A man accused of killing three men as they slept outside and a woman walking to her car near Atlanta initially set out to rob people but was driven by a “bloodlust” after killing his first victim, according to a court filing.
Aeman Presley, 34, faces charges including murder in the killings of two homeless men in Atlanta, a man sleeping outside a shopping center in neighboring DeKalb County and a hairdresser who was heading home after a dinner out with friends in a nearby suburb. The Fulton County and DeKalb County district attorneys have both said they intend to seek the death penalty against him.
Presley is due for his first appearance before a DeKalb County judge Monday.
Presley took a Greyhound bus from Los Angeles to Atlanta in May 2014 “hoping to rejuvenate his beleaguered acting career,” according to a sworn statement by an investigator with the Fulton County district attorney’s office. The statement was made in support of a request for a search warrant to obtain Presley’s cellphone records.
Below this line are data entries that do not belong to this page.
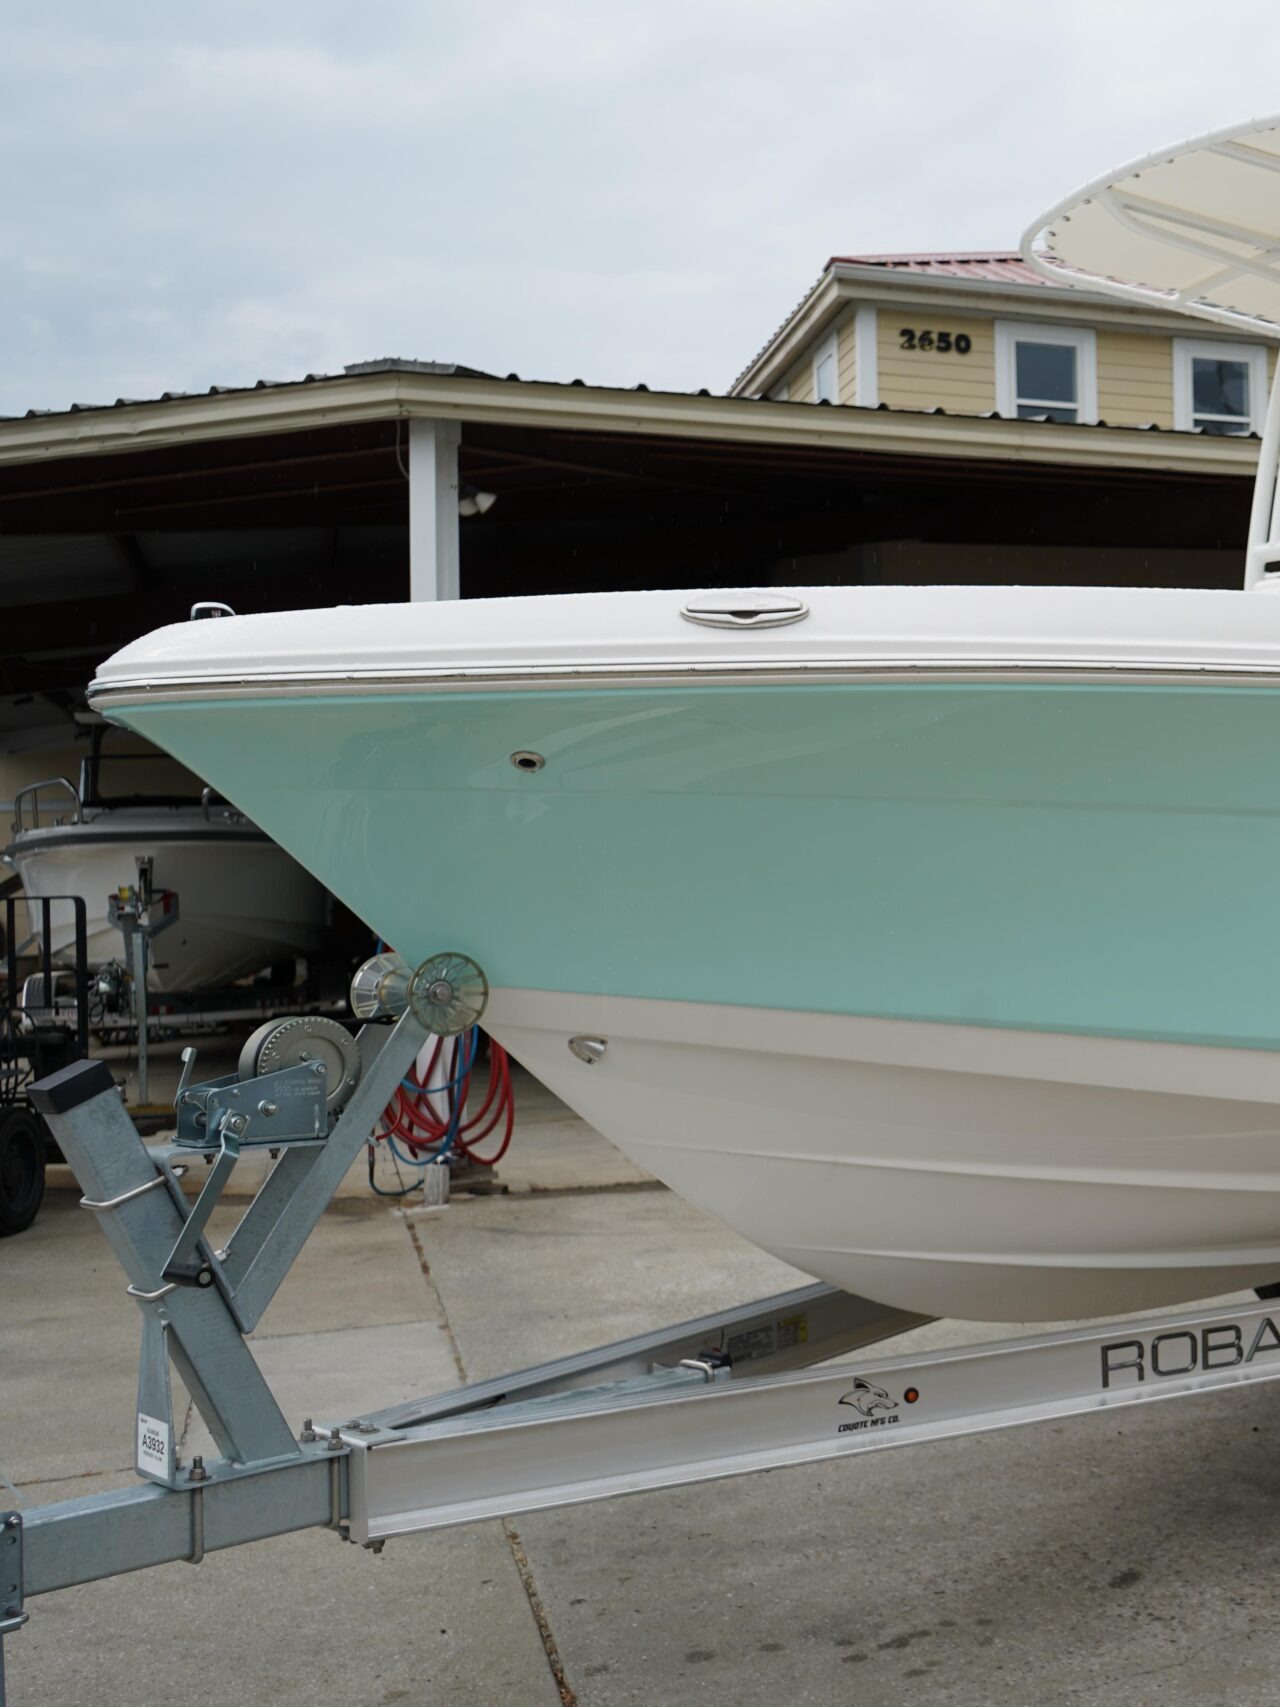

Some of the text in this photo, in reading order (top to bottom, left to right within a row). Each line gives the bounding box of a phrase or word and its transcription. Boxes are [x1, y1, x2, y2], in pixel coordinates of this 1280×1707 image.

[899, 328, 972, 355] 2650
[838, 1420, 869, 1433] COYOTE
[870, 1416, 887, 1427] MFG
[142, 1433, 165, 1456] A3932
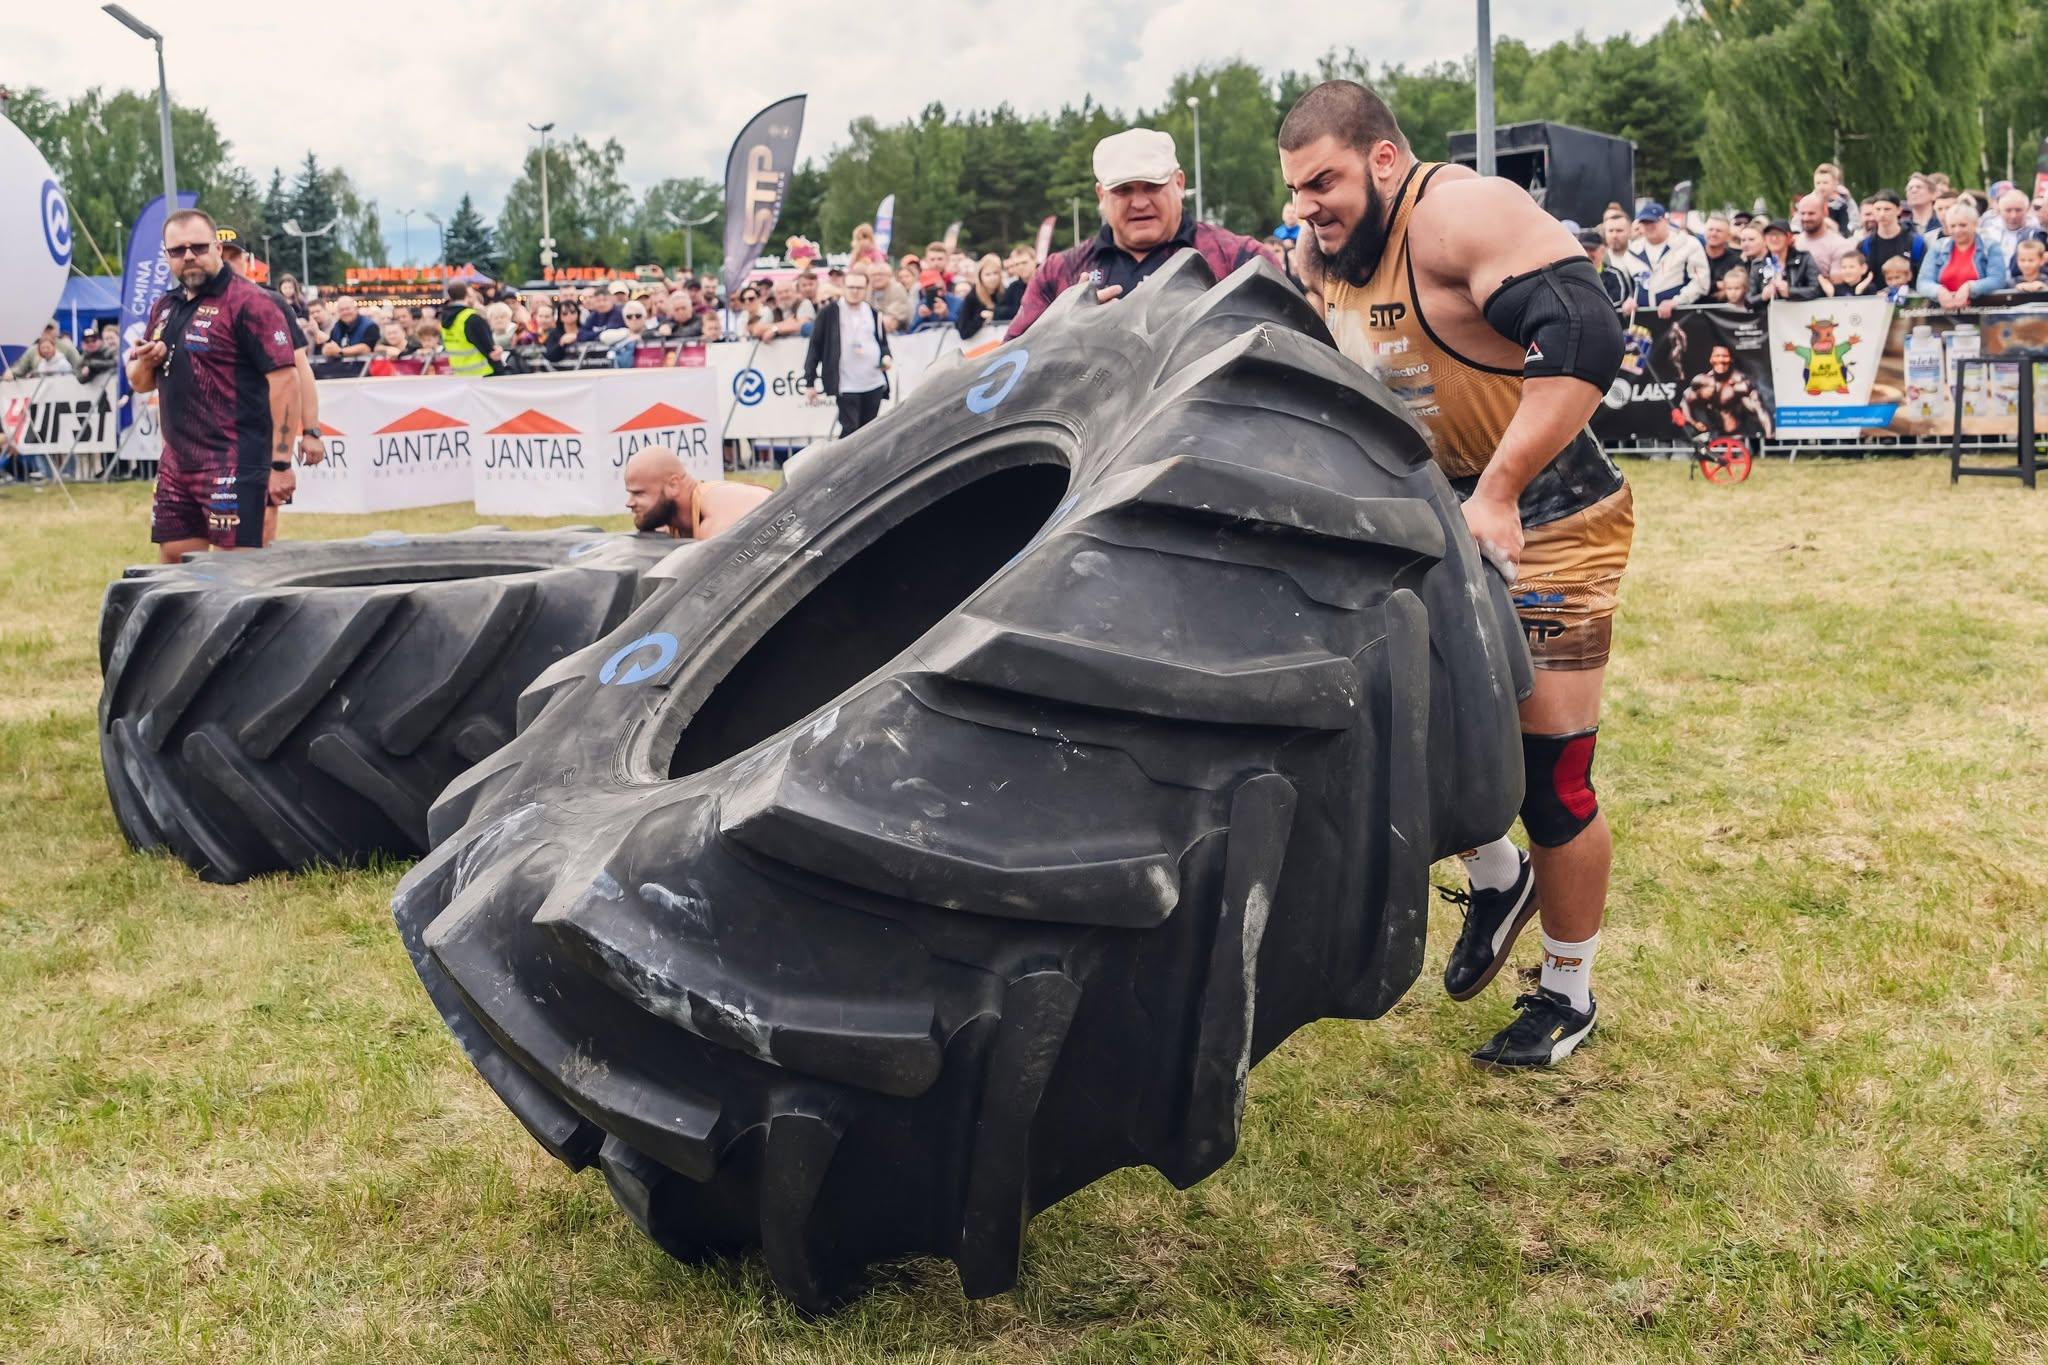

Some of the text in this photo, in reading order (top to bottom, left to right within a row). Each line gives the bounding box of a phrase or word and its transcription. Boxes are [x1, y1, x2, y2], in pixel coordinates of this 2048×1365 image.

[743, 145, 779, 246] STP
[1369, 302, 1406, 327] STP
[1631, 382, 1677, 402] LABS
[373, 430, 472, 467] JANTAR
[485, 438, 585, 469] JANTAR
[209, 514, 241, 527] STP
Presley moved into a homeless shelter in Atlanta and took odd jobs at a restaurant and catering company to make money. But as his money began to run out, he sought other ways to earn a living, the statement says. He bought a Taurus .45 revolver “from someone on the street” in August and took a bus to DeKalb County on Sept. 26 intending to find someone to rob, the statement says.
He saw a man, later identified as 53-year-old Calvin Gholston, sleeping in a breezeway at a shopping center, and instead of trying to rob him, Presley shot him three times, killing him, the statement says.
“Immediately thereafter, Presley experienced a self-described adrenaline fueled high,” the statement says. “This high manifested into a ‘bloodlust’ which compelled Presley to commit two more murders in Fulton County.”
Presley approached 42-year-old Dorian Jenkins on Nov. 23 as he slept wrapped in blankets on a sidewalk in Atlanta and shot him three times in the chest, the statement says. A few days later, on Nov. 26, he shot and killed 68-year-old Tommy Mims as he slept under a railway bridge, the statement says.
As he walked back to a transit station after shooting Mims, he saw two more homeless men, the statement says.
“Since he was ‘getting off on killing people,’ he wanted to kill them, too,” the statement says. “He decided, however, that doing so would increase his chances of apprehension.”
He also wasn’t sure he had actually killed Mims, so he went back and shot Mims two more times in the head, the statement says.
On the night of Dec. 6, Presley went to downtown Decatur, right next to Atlanta, looking for someone to rob, the statement says. He spotted 44-year-old Karen Pearce walking alone near a parking garage. He pulled out his gun, ordered her to the ground and asked for her wallet. Even though she obeyed all his orders, he shot her once in the chest, the statement says.
But he didn’t feel the same rush when he killed Pearce as when he killed the others, the statement says.
Presley told investigators he never meant to kill a woman, so he felt remorse and decided to stop killing and pursue his acting career. He was arrested Dec. 11 as he tried to pass through a turnstile at a train station downtown without paying. He was on his way to see a photographer for headshots, the statement says.
Atlanta police Detective David Quinn interviewed Presley for about six hours after his arrest. Presley confessed to the four killings and told the detective about his life, the statement says.
Presley didn’t believe he was “a biologically malevolent person,” but he felt that some of his experiences gave him a “murderous spirit,” the statement says. Those experiences included: his father’s early death, his mother’s illness when he was young and seeing others abuse her, his involvement in the Gangster Disciples street gang in Chicago, and the violent lyrics of rap music.
Also in Presley’s court file is a handwritten letter to the court clerk asking for a new preliminary hearing. He said he didn’t understand what he was doing when he waived his hearing on the advice of his public defender.
“I wanted to be present. I did not want to waive my preliminary,” Presley wrote. “They talked me out of it.”
Overton Thierry, the public defender named in the letter, did not immediately return an email seeking comment Monday. New lawyers specializing in death penalty defense have taken over Presley’s case.